The Coronavirus Could Upend Trump’s China Trade Deal
Bleak data on China’s economic outlook counters claims by Trump officials that the U.S. economy can get quickly back on track when the lockdown lifts.
U.S. President Donald Trump’s multibillion-dollar trade deal with China could be yet another economic casualty of the spread of the novel coronavirus, according to a congressional report provided exclusively to Foreign Policy.
U.S. President Donald Trump’s multibillion-dollar trade deal with China could be yet another economic casualty of the spread of the novel coronavirus, according to a congressional report provided exclusively to Foreign Policy.

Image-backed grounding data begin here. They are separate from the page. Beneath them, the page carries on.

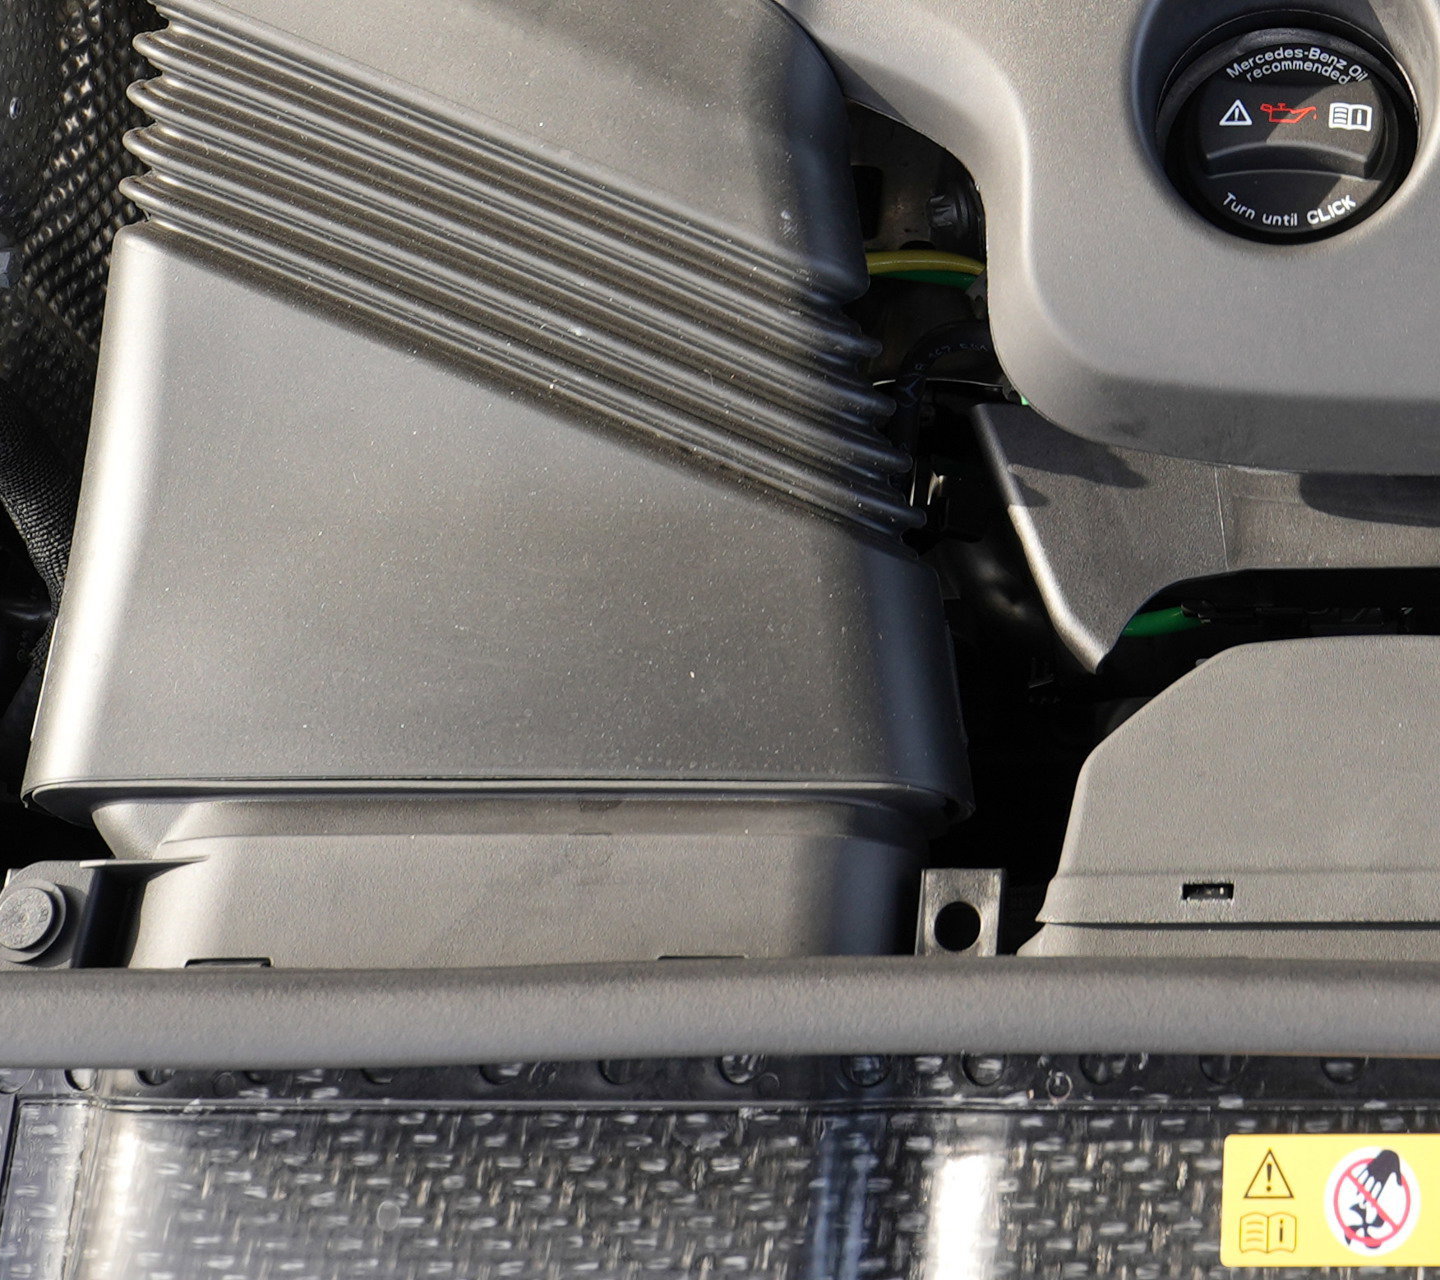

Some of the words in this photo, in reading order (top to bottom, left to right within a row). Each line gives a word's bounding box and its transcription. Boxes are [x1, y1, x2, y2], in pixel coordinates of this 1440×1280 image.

[1226, 46, 1347, 79] Mercedes-Benz
[1348, 62, 1369, 83] Oil
[1245, 60, 1351, 84] recommended
[1222, 192, 1256, 219] Turn
[1262, 213, 1298, 227] until
[1306, 194, 1357, 225] CLICK
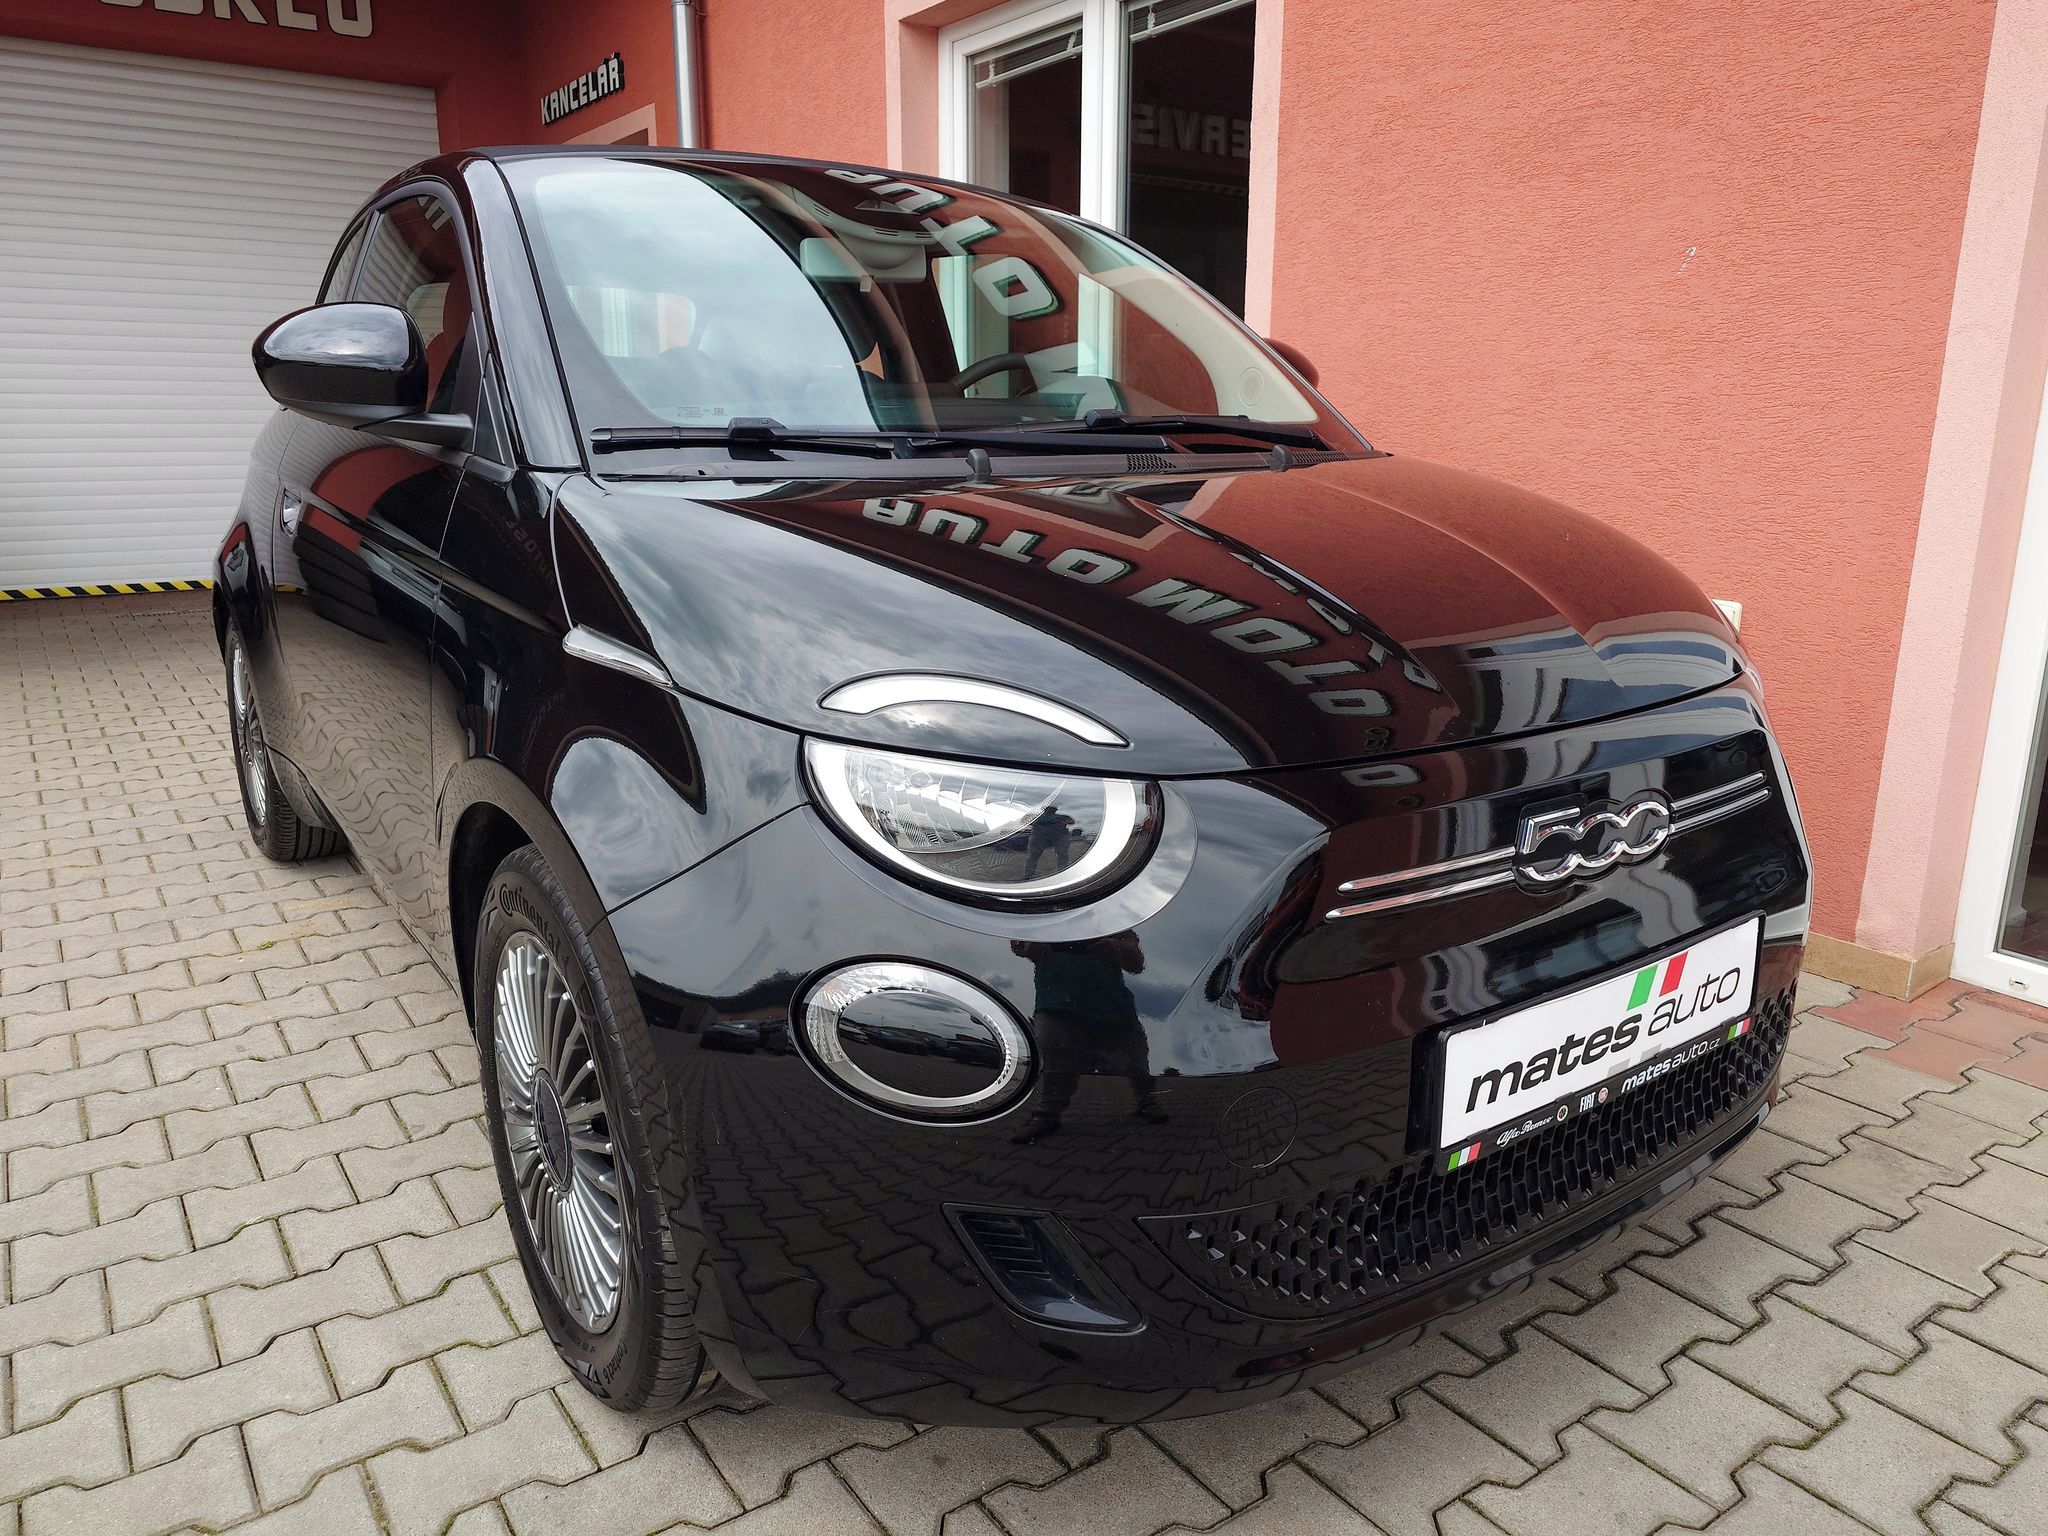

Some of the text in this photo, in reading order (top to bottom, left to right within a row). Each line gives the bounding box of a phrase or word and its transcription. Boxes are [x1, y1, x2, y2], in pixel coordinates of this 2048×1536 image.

[541, 52, 622, 125] KANCELÁŘ
[1518, 801, 1669, 882] 500
[499, 883, 562, 960] Continental
[1465, 967, 1740, 1113] mates auto
[1580, 1091, 1596, 1113] FIAT
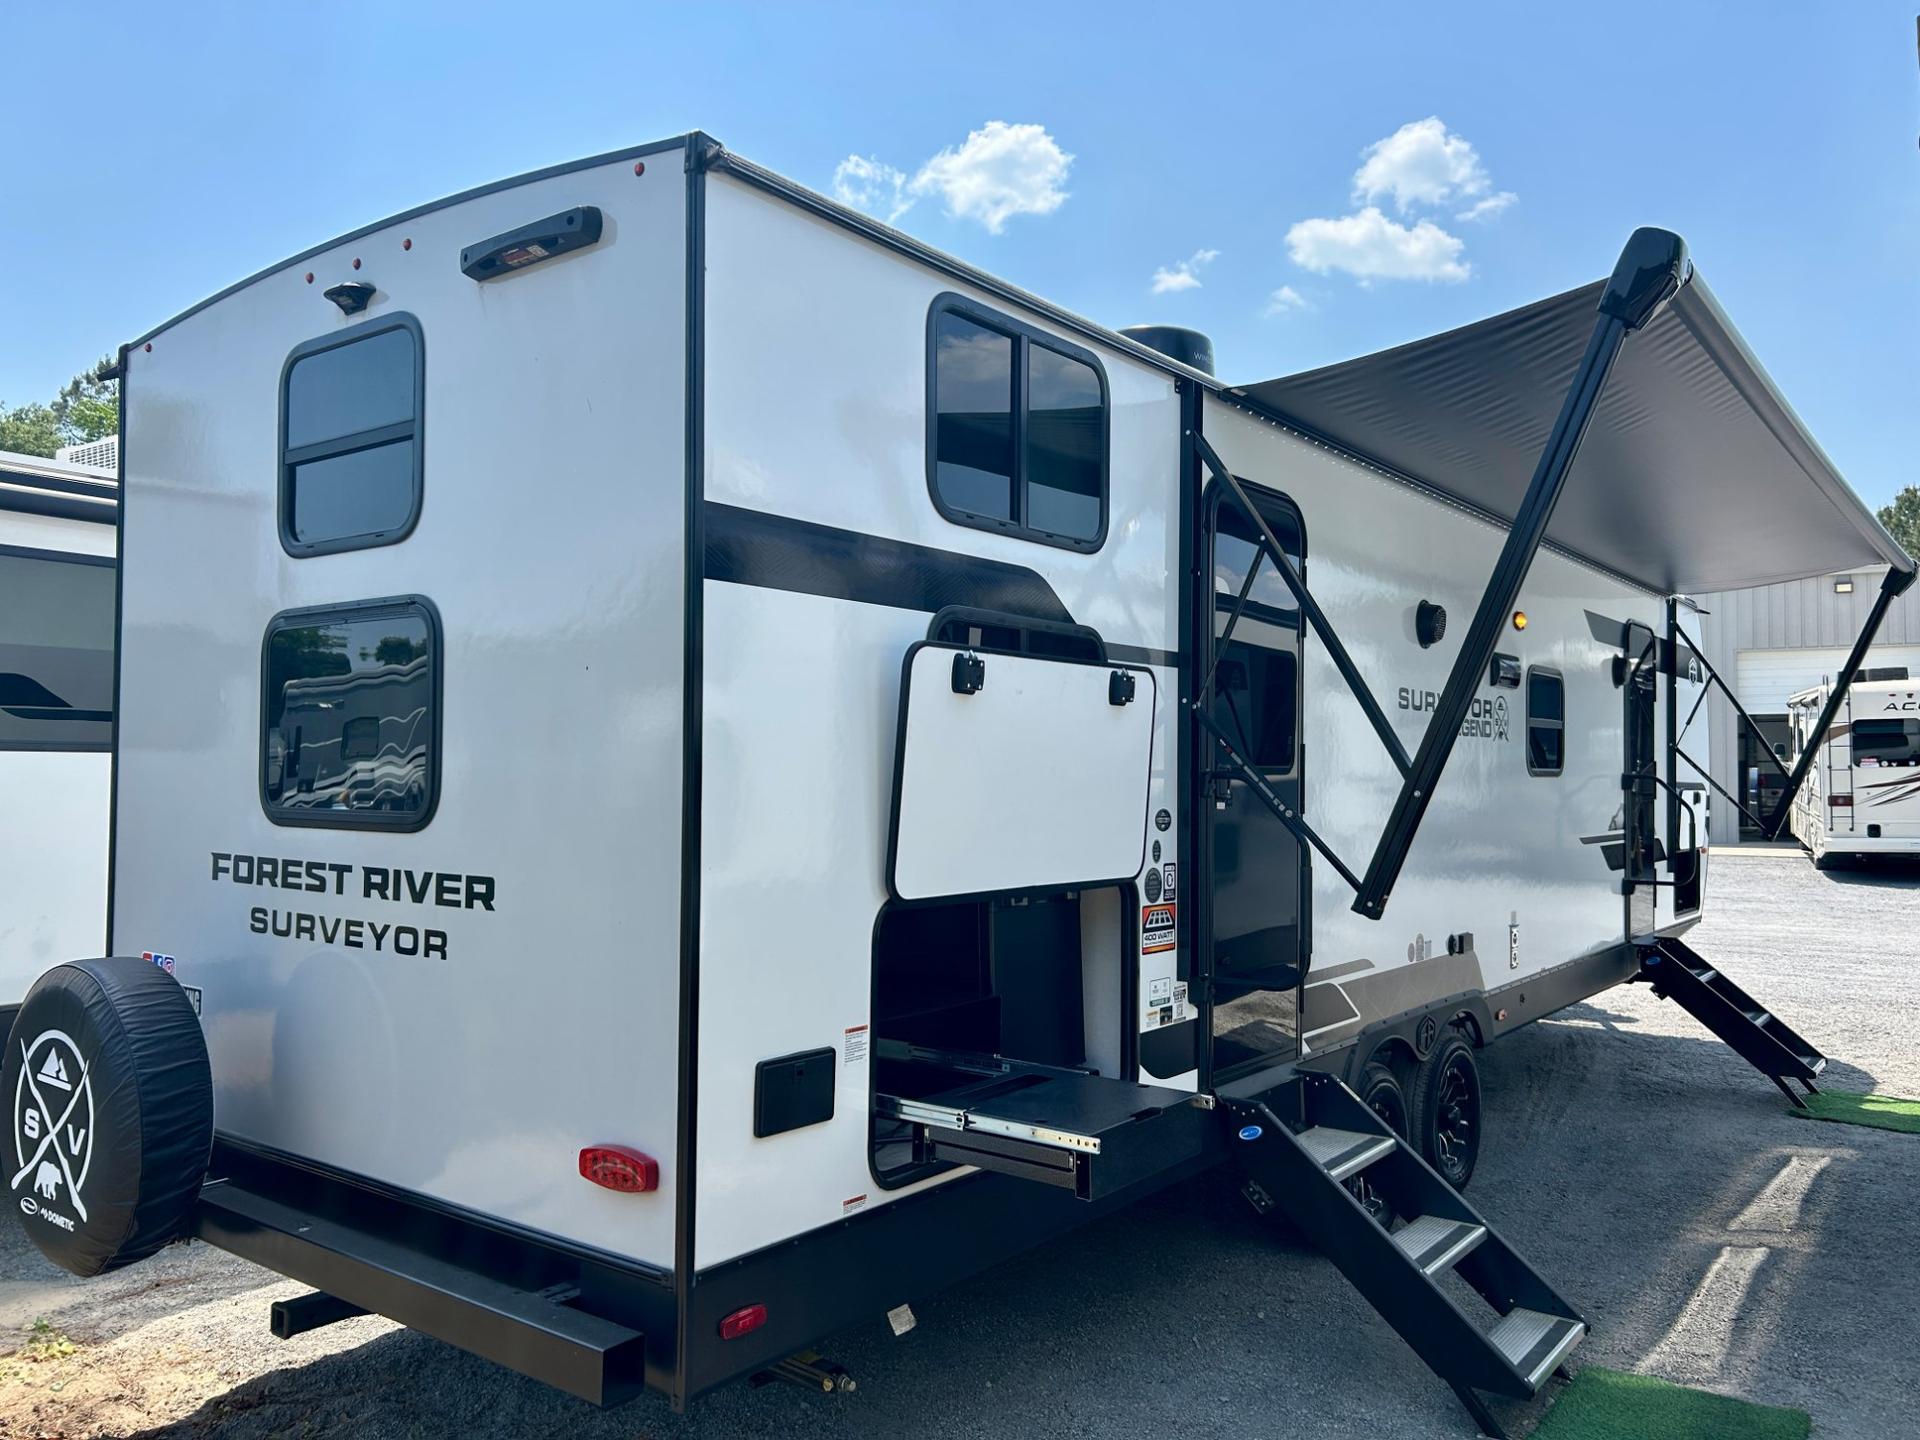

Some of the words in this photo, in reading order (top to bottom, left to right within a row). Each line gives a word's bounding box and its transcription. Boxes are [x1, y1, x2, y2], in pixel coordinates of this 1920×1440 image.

[1398, 687, 1492, 719] SUROR
[211, 852, 353, 895] FOREST
[362, 866, 496, 912] RIVER
[250, 907, 448, 960] SURVEYOR
[1144, 933, 1157, 941] 400
[1157, 930, 1174, 939] WATT
[24, 1107, 40, 1139] S
[67, 1123, 86, 1156] V
[47, 1210, 75, 1232] DOMETIC

The U.S.-China Economic and Security Review Commission, established by Congress two decades ago and appointed by members of both parties, said that stalled trade and depressed consumer demand in China from the virus “raises the possibility that implementation could be disrupted,” upending Trump’s efforts to end a two-year trade war with Beijing that he began in 2018.
Trump administration officials and Beijing have insisted that the so-called phase one of the deal, which calls on China to buy $200 billion worth of U.S. energy and agricultural products, is set to move ahead as planned, even as the president himself took shots at Beijing from the White House podium over the weekend as the spread of the virus has now killed more than 40,000 Americans.
Yet China could invoke a clause in the agreement that allows for fresh trade consultations between the two countries “in the event that a natural disaster or other unforeseeable event” postpones the ability of either party to verify that the clauses are being met, according to the commission report, a copy of which was obtained by Foreign Policy.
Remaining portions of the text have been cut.